TASK ITEM: Reproduce each entry below in full, exactly as it was given.

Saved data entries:
---+---

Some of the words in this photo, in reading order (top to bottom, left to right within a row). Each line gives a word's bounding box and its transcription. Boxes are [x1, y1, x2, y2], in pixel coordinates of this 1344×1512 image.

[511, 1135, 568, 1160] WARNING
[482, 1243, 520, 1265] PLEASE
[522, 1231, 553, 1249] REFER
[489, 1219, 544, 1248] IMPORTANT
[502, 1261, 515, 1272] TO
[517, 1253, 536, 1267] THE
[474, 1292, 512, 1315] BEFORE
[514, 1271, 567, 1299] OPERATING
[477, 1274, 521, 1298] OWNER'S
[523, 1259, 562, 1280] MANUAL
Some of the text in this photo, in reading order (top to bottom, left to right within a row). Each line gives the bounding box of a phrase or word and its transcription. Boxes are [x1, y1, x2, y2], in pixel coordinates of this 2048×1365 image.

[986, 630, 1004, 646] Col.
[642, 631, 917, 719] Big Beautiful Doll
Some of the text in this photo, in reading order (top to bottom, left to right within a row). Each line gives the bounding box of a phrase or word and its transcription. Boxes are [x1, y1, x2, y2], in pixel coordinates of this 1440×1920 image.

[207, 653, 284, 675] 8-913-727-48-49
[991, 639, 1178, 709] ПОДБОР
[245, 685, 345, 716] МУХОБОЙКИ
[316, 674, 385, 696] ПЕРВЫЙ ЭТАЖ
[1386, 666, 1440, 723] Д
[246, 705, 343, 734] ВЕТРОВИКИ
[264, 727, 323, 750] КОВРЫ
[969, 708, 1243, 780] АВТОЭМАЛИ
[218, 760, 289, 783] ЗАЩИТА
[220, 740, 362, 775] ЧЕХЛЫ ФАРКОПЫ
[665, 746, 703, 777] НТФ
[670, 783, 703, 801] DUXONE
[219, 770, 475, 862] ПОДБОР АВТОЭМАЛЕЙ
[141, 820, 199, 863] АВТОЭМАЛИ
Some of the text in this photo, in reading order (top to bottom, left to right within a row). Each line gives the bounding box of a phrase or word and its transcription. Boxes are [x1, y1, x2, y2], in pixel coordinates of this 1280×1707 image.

---+---

YOUR SOLUTION:
Some of the words in this photo, in reading order (top to bottom, left to right within a row). Each line gives a word's bounding box and its transcription. Boxes are [x1, y1, x2, y2], in pixel coordinates of this 1344×1512 image.

[511, 1135, 568, 1160] WARNING
[482, 1243, 520, 1265] PLEASE
[522, 1231, 553, 1249] REFER
[489, 1219, 544, 1248] IMPORTANT
[502, 1261, 515, 1272] TO
[517, 1253, 536, 1267] THE
[474, 1292, 512, 1315] BEFORE
[514, 1271, 567, 1299] OPERATING
[477, 1274, 521, 1298] OWNER'S
[523, 1259, 562, 1280] MANUAL
Some of the text in this photo, in reading order (top to bottom, left to right within a row). Each line gives the bounding box of a phrase or word and its transcription. Boxes are [x1, y1, x2, y2], in pixel coordinates of this 2048×1365 image.

[986, 630, 1004, 646] Col.
[642, 631, 917, 719] Big Beautiful Doll
Some of the text in this photo, in reading order (top to bottom, left to right within a row). Each line gives the bounding box of a phrase or word and its transcription. Boxes are [x1, y1, x2, y2], in pixel coordinates of this 1440×1920 image.

[207, 653, 284, 675] 8-913-727-48-49
[991, 639, 1178, 709] ПОДБОР
[245, 685, 345, 716] МУХОБОЙКИ
[316, 674, 385, 696] ПЕРВЫЙ ЭТАЖ
[1386, 666, 1440, 723] Д
[246, 705, 343, 734] ВЕТРОВИКИ
[264, 727, 323, 750] КОВРЫ
[969, 708, 1243, 780] АВТОЭМАЛИ
[218, 760, 289, 783] ЗАЩИТА
[220, 740, 362, 775] ЧЕХЛЫ ФАРКОПЫ
[665, 746, 703, 777] НТФ
[670, 783, 703, 801] DUXONE
[219, 770, 475, 862] ПОДБОР АВТОЭМАЛЕЙ
[141, 820, 199, 863] АВТОЭМАЛИ
Some of the text in this photo, in reading order (top to bottom, left to right within a row). Each line gives the bounding box of a phrase or word and its transcription. Boxes are [x1, y1, x2, y2], in pixel coordinates of this 1280×1707 image.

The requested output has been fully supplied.